WHAT YOU HAVE TO DO » Retype each record below word for word, pictures excluded.

SUPPLIED RECORDS »
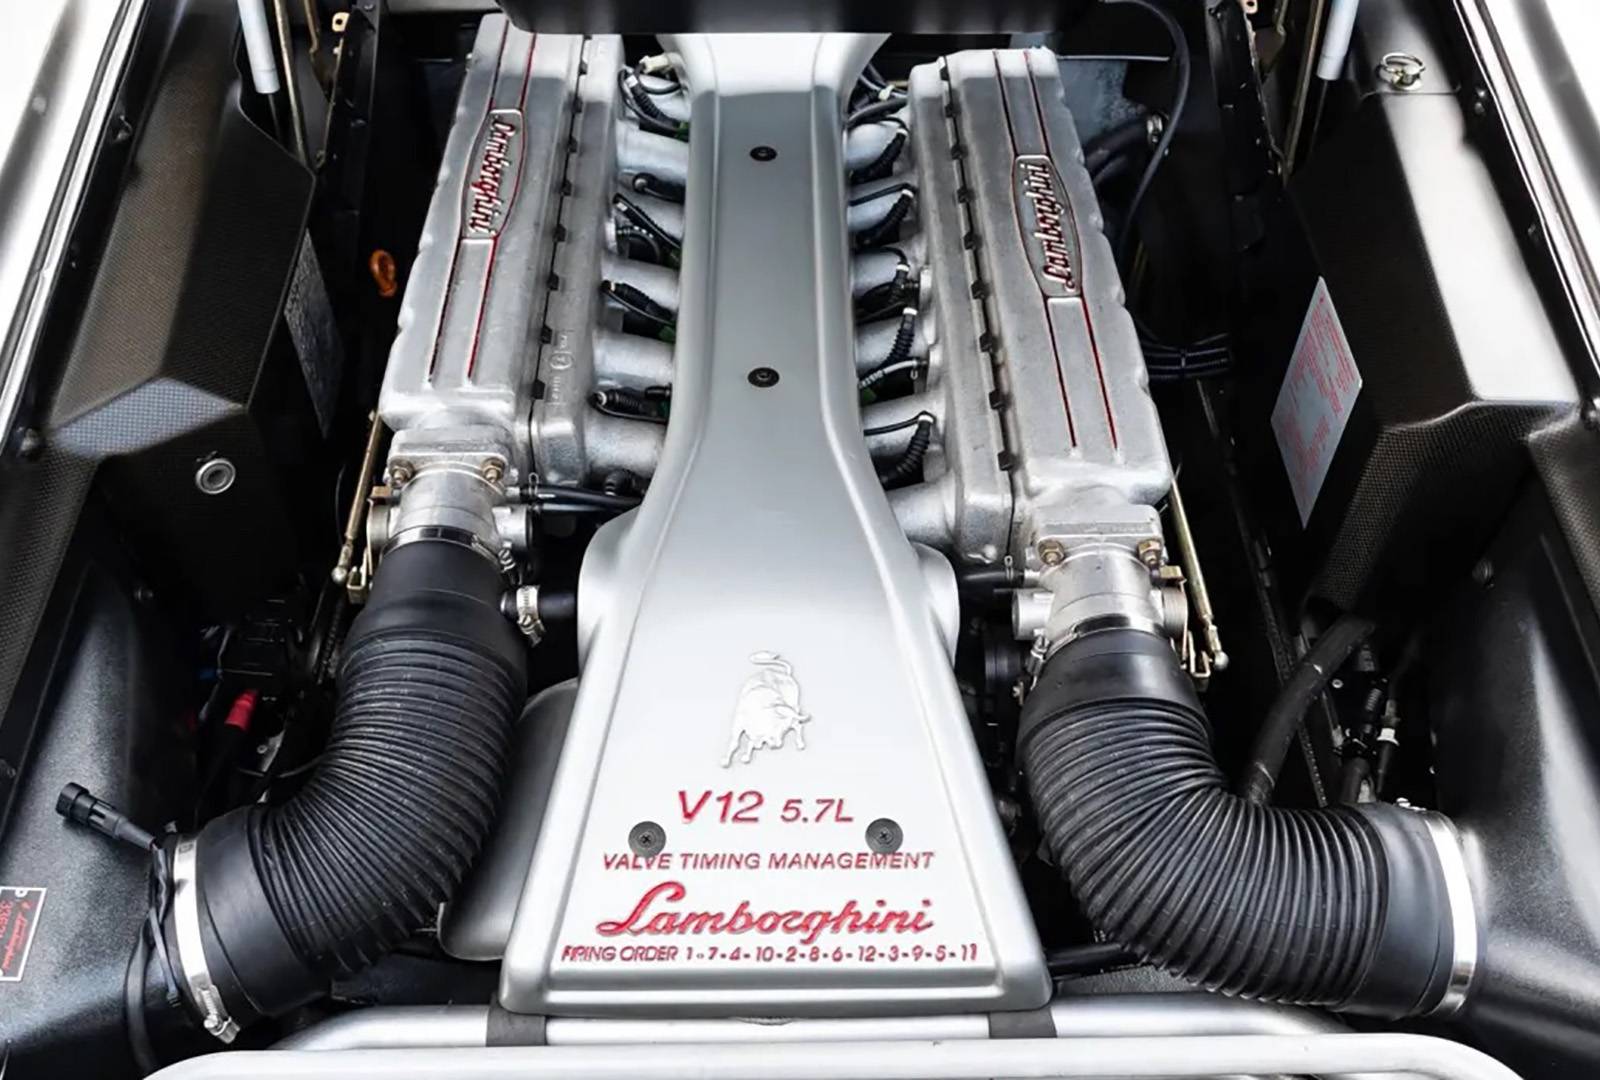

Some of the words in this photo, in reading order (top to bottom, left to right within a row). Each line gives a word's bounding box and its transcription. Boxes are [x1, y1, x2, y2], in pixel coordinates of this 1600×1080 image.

[470, 115, 516, 237] Lamborghini
[1019, 162, 1076, 292] Lamborghini
[678, 790, 764, 824] V12
[780, 798, 854, 822] 5.7L
[603, 852, 673, 870] VALVE
[680, 852, 761, 870] TIMING
[768, 851, 934, 870] MANAGEMENT
[595, 880, 934, 945] Lamborghini
[619, 945, 679, 962] ORDER

EXERCISE SOLUTION »
Some of the words in this photo, in reading order (top to bottom, left to right within a row). Each line gives a word's bounding box and its transcription. Boxes are [x1, y1, x2, y2], in pixel coordinates of this 1600×1080 image.

[470, 115, 516, 237] Lamborghini
[1019, 162, 1076, 292] Lamborghini
[678, 790, 764, 824] V12
[780, 798, 854, 822] 5.7L
[603, 852, 673, 870] VALVE
[680, 852, 761, 870] TIMING
[768, 851, 934, 870] MANAGEMENT
[595, 880, 934, 945] Lamborghini
[619, 945, 679, 962] ORDER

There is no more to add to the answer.